# Thread: Graph Isomorphism (Planar Graph).

1. Given “Simple” graphs G, H. Total number of vertices, edges and degree of all vertices are same in G and H. The adjacency matrix of graph G is M1. G has total VG vertices. To find G and H are isomorphic,
1. Create matrix NG from M1 which would be filled with vertex degree of G from lowest value to highest (in a row).
2. Create adjacency matrix M2 from M1 according to NG.
3. Find the degree which is least in NG (say, degree x was found total tx times in NG).Find it’s corresponding vertices in M2, mark them as ‘w’.
4. Create tx arrays (say, they are g1 [], g2[]….gt[]).
5. Run “Breadth-first search” (BFS) in all ‘w’ for VG/tx vertices.
6. While running, for each ‘w’ (parent), array gy[] would be filled according to it’s children’s degree of vertex.
7. After finishing each “Level”, fill array with ‘l’.
8. Do step 1 to 7 for graph H.
9. Compare arrays of G and H. If “Bijection” happens, proceed to step 10, otherwise not isomorphic.
10. In G, take any “w” marked vertices(say this is wa ), find the distances from other “w” vertices(using BFS), keep it in array, say in ha[].
up to step 10, works for Planer Graph.

.....(unfinished)
Remarks:
1. Arrays created in step 6, 7 are unique due to step 1, 2.
2. If two ‘w’ are connected with one edge only and this happens z times then z/2 vertices are left out. These vertices are also manageable.
3. tx< (VG/2) +1.

2.

3. Two large regular graphs would confuse this algorithm and you'd be left to check all permutations of all vertices in step 9.

4. Originally Posted by MagiMaster
Two large regular graphs would confuse this algorithm and you'd be left to check all permutations of all vertices in step 9.
In graph theory, a regular graph is a graph where each vertex has the same number of neighbors; i.e. every vertex has the same degree or valency(Wikipedia), in this case, tx= VG (see remark 3)… I am not Concerned about this. This is probably the only special case and also “manageable” though I have not included it here.Thanks.

5. And I have a marvelous proof of this fact but this forum post is too small to contain it.....

6. Originally Posted by jim198810
Originally Posted by MagiMaster
Two large regular graphs would confuse this algorithm and you'd be left to check all permutations of all vertices in step 9.
In graph theory, a regular graph is a graph where each vertex has the same number of neighbors; i.e. every vertex has the same degree or valency(Wikipedia), in this case, tx= VG (see remark 3)… I am not Concerned about this. This is probably the only special case and also “manageable” though I have not included it here.Thanks.
Yes... although I wouldn't really call that a special case as any graph that's even half regular (that is, half the vertices have the same degree) will cause your algorithm headaches.
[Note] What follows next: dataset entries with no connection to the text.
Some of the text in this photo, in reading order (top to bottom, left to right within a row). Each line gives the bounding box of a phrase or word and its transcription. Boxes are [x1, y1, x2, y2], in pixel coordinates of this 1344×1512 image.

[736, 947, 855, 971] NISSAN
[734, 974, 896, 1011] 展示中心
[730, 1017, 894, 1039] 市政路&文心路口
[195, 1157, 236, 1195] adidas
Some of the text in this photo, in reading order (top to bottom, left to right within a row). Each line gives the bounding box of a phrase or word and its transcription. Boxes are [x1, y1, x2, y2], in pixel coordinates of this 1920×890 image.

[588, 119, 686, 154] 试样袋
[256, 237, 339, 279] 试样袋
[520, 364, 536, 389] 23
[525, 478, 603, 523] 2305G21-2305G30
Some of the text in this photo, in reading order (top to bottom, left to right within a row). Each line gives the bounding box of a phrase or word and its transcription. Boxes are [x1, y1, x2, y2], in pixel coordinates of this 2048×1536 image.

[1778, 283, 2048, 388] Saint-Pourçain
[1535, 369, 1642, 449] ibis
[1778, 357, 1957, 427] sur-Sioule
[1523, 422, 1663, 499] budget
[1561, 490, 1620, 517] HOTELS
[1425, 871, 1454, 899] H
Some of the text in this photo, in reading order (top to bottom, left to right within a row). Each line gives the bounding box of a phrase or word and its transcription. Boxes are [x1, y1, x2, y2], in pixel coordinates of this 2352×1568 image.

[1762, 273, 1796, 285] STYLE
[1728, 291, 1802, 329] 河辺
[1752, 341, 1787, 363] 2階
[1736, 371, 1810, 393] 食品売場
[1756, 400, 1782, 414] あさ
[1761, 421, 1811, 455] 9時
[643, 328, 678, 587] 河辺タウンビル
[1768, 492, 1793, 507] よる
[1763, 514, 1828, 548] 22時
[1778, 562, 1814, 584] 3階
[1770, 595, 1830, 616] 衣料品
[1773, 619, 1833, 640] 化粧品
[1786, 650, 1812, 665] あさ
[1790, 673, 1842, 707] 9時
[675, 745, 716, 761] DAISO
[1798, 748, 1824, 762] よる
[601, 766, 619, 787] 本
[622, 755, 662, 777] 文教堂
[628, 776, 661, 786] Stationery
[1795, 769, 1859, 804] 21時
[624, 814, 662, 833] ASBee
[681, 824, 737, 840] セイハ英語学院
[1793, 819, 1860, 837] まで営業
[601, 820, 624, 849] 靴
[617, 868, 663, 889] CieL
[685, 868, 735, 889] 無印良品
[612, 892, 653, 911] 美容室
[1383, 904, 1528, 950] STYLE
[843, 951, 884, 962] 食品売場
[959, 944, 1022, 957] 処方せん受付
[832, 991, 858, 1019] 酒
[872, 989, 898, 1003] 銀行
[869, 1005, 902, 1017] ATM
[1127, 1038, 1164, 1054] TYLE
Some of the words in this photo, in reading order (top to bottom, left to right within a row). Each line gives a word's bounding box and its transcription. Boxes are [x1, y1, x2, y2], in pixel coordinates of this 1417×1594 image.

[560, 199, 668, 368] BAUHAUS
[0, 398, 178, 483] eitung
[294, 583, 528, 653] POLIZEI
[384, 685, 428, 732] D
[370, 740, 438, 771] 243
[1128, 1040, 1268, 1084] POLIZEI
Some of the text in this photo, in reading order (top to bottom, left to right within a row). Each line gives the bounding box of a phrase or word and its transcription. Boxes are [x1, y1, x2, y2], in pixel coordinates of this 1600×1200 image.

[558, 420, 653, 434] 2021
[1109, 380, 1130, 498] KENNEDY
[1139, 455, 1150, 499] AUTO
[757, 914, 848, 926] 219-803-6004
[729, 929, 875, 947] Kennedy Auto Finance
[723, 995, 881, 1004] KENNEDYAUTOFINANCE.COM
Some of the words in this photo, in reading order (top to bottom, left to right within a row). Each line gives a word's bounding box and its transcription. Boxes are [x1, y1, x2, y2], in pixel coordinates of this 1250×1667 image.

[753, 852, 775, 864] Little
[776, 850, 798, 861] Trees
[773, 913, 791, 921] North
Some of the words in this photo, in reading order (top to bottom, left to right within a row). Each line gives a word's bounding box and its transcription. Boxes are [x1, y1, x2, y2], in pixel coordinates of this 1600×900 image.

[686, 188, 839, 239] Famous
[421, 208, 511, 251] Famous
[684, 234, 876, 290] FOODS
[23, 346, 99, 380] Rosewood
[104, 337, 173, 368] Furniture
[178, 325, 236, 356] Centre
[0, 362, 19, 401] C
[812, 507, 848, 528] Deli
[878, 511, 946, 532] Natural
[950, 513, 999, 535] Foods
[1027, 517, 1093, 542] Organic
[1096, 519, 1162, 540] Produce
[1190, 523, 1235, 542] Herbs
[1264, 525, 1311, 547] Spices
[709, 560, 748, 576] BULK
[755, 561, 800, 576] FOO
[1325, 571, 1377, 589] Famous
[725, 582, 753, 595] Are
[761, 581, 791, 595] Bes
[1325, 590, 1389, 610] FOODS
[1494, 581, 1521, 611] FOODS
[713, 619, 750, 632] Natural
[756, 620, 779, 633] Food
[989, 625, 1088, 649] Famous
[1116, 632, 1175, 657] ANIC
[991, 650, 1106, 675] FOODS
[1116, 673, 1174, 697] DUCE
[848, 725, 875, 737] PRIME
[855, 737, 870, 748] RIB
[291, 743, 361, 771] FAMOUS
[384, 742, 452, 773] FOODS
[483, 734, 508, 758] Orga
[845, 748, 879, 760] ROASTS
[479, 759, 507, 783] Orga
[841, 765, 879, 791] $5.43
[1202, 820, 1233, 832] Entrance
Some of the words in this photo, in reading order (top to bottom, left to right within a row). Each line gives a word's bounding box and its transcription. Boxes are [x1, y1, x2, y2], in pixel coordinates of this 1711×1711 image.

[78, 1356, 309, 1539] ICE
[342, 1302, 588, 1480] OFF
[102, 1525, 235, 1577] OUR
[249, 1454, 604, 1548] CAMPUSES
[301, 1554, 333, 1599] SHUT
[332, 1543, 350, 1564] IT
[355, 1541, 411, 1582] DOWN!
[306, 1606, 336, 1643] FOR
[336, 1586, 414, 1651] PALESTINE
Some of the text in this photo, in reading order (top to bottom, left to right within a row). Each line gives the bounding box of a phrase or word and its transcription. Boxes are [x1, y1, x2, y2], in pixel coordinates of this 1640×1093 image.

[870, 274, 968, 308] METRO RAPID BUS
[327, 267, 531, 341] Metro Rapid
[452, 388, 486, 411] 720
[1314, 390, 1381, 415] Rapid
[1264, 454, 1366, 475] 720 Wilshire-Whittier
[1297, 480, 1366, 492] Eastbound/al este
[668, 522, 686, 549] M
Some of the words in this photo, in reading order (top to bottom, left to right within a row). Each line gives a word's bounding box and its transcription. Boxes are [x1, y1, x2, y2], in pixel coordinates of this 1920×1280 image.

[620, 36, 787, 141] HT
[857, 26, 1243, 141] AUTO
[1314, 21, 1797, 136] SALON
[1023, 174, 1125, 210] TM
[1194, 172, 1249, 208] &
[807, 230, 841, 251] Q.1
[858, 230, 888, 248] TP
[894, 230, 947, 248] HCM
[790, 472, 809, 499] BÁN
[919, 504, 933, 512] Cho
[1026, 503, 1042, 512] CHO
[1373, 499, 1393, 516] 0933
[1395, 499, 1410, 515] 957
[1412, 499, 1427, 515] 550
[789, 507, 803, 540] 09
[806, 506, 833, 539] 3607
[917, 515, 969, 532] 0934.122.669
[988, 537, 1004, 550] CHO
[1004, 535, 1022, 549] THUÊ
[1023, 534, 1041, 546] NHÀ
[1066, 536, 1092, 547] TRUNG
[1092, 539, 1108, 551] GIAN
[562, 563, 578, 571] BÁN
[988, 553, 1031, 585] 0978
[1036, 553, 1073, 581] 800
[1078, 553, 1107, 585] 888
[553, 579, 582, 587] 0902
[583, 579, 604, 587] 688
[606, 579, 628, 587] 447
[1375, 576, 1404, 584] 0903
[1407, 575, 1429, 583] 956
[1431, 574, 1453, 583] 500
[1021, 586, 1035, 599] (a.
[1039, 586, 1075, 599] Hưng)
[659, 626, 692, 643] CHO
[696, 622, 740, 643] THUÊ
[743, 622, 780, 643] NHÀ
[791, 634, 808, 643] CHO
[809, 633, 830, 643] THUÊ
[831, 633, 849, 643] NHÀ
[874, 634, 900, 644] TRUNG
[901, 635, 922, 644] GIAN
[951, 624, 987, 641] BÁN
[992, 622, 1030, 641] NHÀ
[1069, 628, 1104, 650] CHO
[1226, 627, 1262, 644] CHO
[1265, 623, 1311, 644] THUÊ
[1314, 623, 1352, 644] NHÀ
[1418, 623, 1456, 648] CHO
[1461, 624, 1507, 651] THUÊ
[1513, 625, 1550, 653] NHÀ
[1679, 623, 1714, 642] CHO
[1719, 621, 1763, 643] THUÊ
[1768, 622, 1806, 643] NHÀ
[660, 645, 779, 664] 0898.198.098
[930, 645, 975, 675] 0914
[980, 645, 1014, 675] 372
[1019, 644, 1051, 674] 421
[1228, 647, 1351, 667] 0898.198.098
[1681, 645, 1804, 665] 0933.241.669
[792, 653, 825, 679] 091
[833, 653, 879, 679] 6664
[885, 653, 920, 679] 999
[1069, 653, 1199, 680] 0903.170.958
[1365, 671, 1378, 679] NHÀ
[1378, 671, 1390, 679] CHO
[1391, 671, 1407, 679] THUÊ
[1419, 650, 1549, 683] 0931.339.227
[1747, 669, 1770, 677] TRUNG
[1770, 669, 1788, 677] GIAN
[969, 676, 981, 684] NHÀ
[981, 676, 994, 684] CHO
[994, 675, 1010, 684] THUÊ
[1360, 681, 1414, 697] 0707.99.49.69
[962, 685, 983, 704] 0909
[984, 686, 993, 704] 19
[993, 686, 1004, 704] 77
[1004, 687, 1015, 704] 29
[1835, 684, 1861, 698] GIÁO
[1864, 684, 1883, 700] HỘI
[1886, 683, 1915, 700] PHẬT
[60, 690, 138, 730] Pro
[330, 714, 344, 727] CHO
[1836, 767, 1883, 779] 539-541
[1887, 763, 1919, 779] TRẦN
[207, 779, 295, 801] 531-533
7. @ river_rat , you don't nedd to quote Fermat , it is unnecessary. Of course i don't have rigorous proof.If I had, I would not come to this forum for discussion.But yes, I have some arguments, i am checking it currently. whether I have a proof or not I am going to share my arguments within a few days.Any counterexample would help me and that was the main reason I shared in this forum.

@MagiMaster, yet I am not concerned about regular graph.I gave algo: for simple graph and my main concern was "crossing". I have included steps 10 to 13.Same degree vertices cause problem when they cross in one graph and do not in another.You may check now.

The whole algorithm is quite big and i am writing it part by part.

Thanks both of you!!

8. Just to be clear, for it to be a polynomial time algorithm for graph isomorphism, it needs to handle any and all graphs.

That said, the algorithm there is getting fairly long. An example might help see how it's all supposed to work.

9. Should work , Any counter example???

10. You probably shouldn't edit such old posts. It makes the rest of the thread kind of confusing.